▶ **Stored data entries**
# # # # #
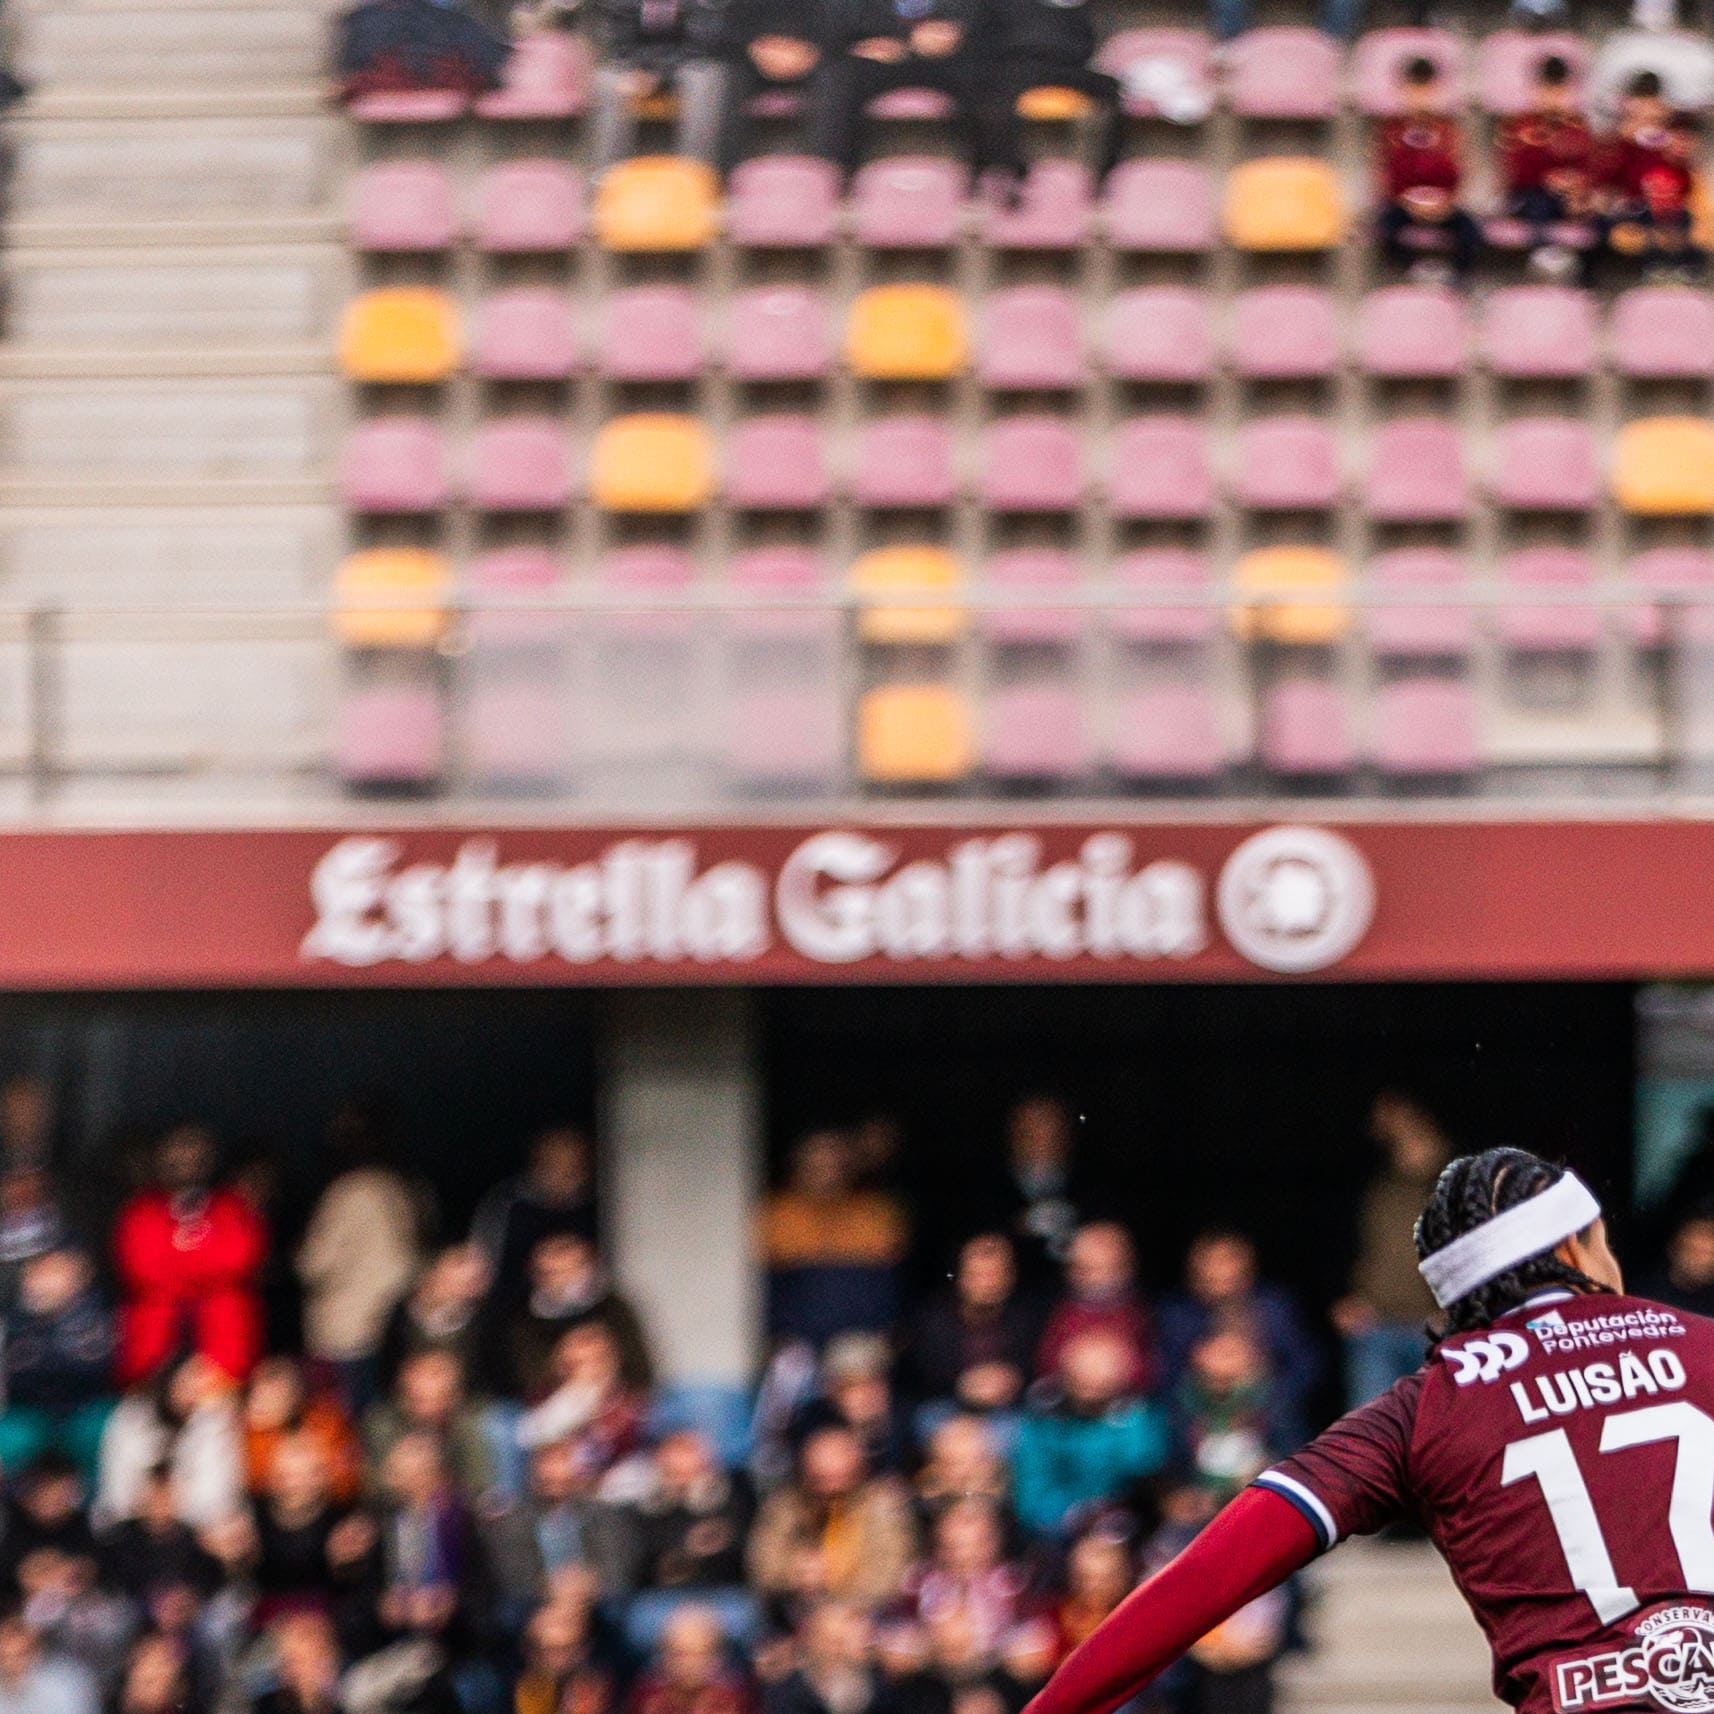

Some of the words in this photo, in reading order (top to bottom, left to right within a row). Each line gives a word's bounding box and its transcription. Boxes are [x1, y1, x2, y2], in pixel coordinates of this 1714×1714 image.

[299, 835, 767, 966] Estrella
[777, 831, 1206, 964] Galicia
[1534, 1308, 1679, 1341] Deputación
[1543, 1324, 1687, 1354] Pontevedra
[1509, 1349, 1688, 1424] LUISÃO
# # # # #
▶ **Try it**
Output nothing but the records, word for word, and none of their pictures.

▶ **Written answer**
Some of the words in this photo, in reading order (top to bottom, left to right within a row). Each line gives a word's bounding box and its transcription. Boxes are [x1, y1, x2, y2], in pixel coordinates of this 1714×1714 image.

[299, 835, 767, 966] Estrella
[777, 831, 1206, 964] Galicia
[1534, 1308, 1679, 1341] Deputación
[1543, 1324, 1687, 1354] Pontevedra
[1509, 1349, 1688, 1424] LUISÃO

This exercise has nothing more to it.